_Work required_
Your answer must match the material exactly, line for line.

§

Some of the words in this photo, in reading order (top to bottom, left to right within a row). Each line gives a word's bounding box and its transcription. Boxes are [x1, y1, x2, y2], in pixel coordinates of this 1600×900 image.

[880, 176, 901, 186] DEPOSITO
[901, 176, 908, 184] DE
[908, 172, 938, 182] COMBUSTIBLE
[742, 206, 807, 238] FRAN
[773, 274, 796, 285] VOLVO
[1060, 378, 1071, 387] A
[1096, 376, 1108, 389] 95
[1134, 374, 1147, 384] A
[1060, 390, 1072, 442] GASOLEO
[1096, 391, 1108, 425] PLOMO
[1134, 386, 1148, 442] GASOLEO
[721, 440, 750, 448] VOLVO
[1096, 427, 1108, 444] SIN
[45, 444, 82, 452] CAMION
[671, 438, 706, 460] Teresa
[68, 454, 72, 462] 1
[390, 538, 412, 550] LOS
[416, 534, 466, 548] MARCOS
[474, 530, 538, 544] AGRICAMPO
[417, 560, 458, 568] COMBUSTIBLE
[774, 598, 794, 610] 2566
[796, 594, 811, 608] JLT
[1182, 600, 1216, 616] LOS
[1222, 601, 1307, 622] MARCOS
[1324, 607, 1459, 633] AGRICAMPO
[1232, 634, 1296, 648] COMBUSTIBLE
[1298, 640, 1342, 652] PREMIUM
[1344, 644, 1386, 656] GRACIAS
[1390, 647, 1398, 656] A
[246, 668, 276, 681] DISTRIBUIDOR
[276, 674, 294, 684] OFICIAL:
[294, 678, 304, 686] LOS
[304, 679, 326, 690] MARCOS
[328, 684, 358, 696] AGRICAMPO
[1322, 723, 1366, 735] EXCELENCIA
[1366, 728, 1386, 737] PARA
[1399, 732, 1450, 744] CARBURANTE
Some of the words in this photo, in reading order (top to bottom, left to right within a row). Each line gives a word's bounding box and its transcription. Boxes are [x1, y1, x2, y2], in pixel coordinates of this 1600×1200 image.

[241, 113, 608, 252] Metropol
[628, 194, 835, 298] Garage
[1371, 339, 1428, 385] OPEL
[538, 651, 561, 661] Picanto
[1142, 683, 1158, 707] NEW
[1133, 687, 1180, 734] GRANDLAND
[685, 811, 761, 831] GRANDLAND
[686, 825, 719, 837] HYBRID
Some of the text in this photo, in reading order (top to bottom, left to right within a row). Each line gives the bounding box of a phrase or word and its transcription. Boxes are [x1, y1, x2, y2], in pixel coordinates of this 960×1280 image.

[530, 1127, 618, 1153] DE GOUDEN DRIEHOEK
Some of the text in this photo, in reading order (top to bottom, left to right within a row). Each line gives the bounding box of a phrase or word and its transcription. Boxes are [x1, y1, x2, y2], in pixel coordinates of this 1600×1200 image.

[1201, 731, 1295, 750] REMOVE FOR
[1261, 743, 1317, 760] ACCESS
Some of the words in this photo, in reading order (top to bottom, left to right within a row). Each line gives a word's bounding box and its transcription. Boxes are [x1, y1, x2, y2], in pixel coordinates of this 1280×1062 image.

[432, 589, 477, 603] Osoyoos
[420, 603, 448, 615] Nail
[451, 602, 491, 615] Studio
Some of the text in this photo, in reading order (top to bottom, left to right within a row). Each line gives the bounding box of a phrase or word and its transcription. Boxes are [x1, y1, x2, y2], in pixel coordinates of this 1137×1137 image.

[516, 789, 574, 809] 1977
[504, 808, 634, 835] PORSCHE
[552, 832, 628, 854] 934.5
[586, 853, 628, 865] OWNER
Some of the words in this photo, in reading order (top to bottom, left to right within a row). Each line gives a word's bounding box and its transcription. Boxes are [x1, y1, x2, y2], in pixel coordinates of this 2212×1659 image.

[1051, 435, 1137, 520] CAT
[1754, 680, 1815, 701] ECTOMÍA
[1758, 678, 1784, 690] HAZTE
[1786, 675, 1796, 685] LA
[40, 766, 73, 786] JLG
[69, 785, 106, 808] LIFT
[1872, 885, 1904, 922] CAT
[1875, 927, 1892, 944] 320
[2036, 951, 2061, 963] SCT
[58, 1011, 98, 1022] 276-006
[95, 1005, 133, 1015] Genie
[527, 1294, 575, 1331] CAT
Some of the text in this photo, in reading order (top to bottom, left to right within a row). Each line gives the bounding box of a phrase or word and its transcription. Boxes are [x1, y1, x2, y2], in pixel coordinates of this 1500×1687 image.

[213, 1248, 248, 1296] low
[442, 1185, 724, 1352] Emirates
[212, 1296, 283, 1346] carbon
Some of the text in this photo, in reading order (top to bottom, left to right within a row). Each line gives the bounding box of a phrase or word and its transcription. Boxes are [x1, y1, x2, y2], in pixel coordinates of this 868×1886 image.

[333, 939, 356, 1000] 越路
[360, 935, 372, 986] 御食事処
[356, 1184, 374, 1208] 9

§

_Completed task_
Some of the words in this photo, in reading order (top to bottom, left to right within a row). Each line gives a word's bounding box and its transcription. Boxes are [x1, y1, x2, y2], in pixel coordinates of this 1600×900 image.

[880, 176, 901, 186] DEPOSITO
[901, 176, 908, 184] DE
[908, 172, 938, 182] COMBUSTIBLE
[742, 206, 807, 238] FRAN
[773, 274, 796, 285] VOLVO
[1060, 378, 1071, 387] A
[1096, 376, 1108, 389] 95
[1134, 374, 1147, 384] A
[1060, 390, 1072, 442] GASOLEO
[1096, 391, 1108, 425] PLOMO
[1134, 386, 1148, 442] GASOLEO
[721, 440, 750, 448] VOLVO
[1096, 427, 1108, 444] SIN
[45, 444, 82, 452] CAMION
[671, 438, 706, 460] Teresa
[68, 454, 72, 462] 1
[390, 538, 412, 550] LOS
[416, 534, 466, 548] MARCOS
[474, 530, 538, 544] AGRICAMPO
[417, 560, 458, 568] COMBUSTIBLE
[774, 598, 794, 610] 2566
[796, 594, 811, 608] JLT
[1182, 600, 1216, 616] LOS
[1222, 601, 1307, 622] MARCOS
[1324, 607, 1459, 633] AGRICAMPO
[1232, 634, 1296, 648] COMBUSTIBLE
[1298, 640, 1342, 652] PREMIUM
[1344, 644, 1386, 656] GRACIAS
[1390, 647, 1398, 656] A
[246, 668, 276, 681] DISTRIBUIDOR
[276, 674, 294, 684] OFICIAL:
[294, 678, 304, 686] LOS
[304, 679, 326, 690] MARCOS
[328, 684, 358, 696] AGRICAMPO
[1322, 723, 1366, 735] EXCELENCIA
[1366, 728, 1386, 737] PARA
[1399, 732, 1450, 744] CARBURANTE
Some of the words in this photo, in reading order (top to bottom, left to right within a row). Each line gives a word's bounding box and its transcription. Boxes are [x1, y1, x2, y2], in pixel coordinates of this 1600×1200 image.

[241, 113, 608, 252] Metropol
[628, 194, 835, 298] Garage
[1371, 339, 1428, 385] OPEL
[538, 651, 561, 661] Picanto
[1142, 683, 1158, 707] NEW
[1133, 687, 1180, 734] GRANDLAND
[685, 811, 761, 831] GRANDLAND
[686, 825, 719, 837] HYBRID
Some of the text in this photo, in reading order (top to bottom, left to right within a row). Each line gives the bounding box of a phrase or word and its transcription. Boxes are [x1, y1, x2, y2], in pixel coordinates of this 960×1280 image.

[530, 1127, 618, 1153] DE GOUDEN DRIEHOEK
Some of the text in this photo, in reading order (top to bottom, left to right within a row). Each line gives the bounding box of a phrase or word and its transcription. Boxes are [x1, y1, x2, y2], in pixel coordinates of this 1600×1200 image.

[1201, 731, 1295, 750] REMOVE FOR
[1261, 743, 1317, 760] ACCESS
Some of the words in this photo, in reading order (top to bottom, left to right within a row). Each line gives a word's bounding box and its transcription. Boxes are [x1, y1, x2, y2], in pixel coordinates of this 1280×1062 image.

[432, 589, 477, 603] Osoyoos
[420, 603, 448, 615] Nail
[451, 602, 491, 615] Studio
Some of the text in this photo, in reading order (top to bottom, left to right within a row). Each line gives the bounding box of a phrase or word and its transcription. Boxes are [x1, y1, x2, y2], in pixel coordinates of this 1137×1137 image.

[516, 789, 574, 809] 1977
[504, 808, 634, 835] PORSCHE
[552, 832, 628, 854] 934.5
[586, 853, 628, 865] OWNER
Some of the words in this photo, in reading order (top to bottom, left to right within a row). Each line gives a word's bounding box and its transcription. Boxes are [x1, y1, x2, y2], in pixel coordinates of this 2212×1659 image.

[1051, 435, 1137, 520] CAT
[1754, 680, 1815, 701] ECTOMÍA
[1758, 678, 1784, 690] HAZTE
[1786, 675, 1796, 685] LA
[40, 766, 73, 786] JLG
[69, 785, 106, 808] LIFT
[1872, 885, 1904, 922] CAT
[1875, 927, 1892, 944] 320
[2036, 951, 2061, 963] SCT
[58, 1011, 98, 1022] 276-006
[95, 1005, 133, 1015] Genie
[527, 1294, 575, 1331] CAT
Some of the text in this photo, in reading order (top to bottom, left to right within a row). Each line gives the bounding box of a phrase or word and its transcription. Boxes are [x1, y1, x2, y2], in pixel coordinates of this 1500×1687 image.

[213, 1248, 248, 1296] low
[442, 1185, 724, 1352] Emirates
[212, 1296, 283, 1346] carbon
Some of the text in this photo, in reading order (top to bottom, left to right within a row). Each line gives the bounding box of a phrase or word and its transcription. Boxes are [x1, y1, x2, y2], in pixel coordinates of this 868×1886 image.

[333, 939, 356, 1000] 越路
[360, 935, 372, 986] 御食事処
[356, 1184, 374, 1208] 9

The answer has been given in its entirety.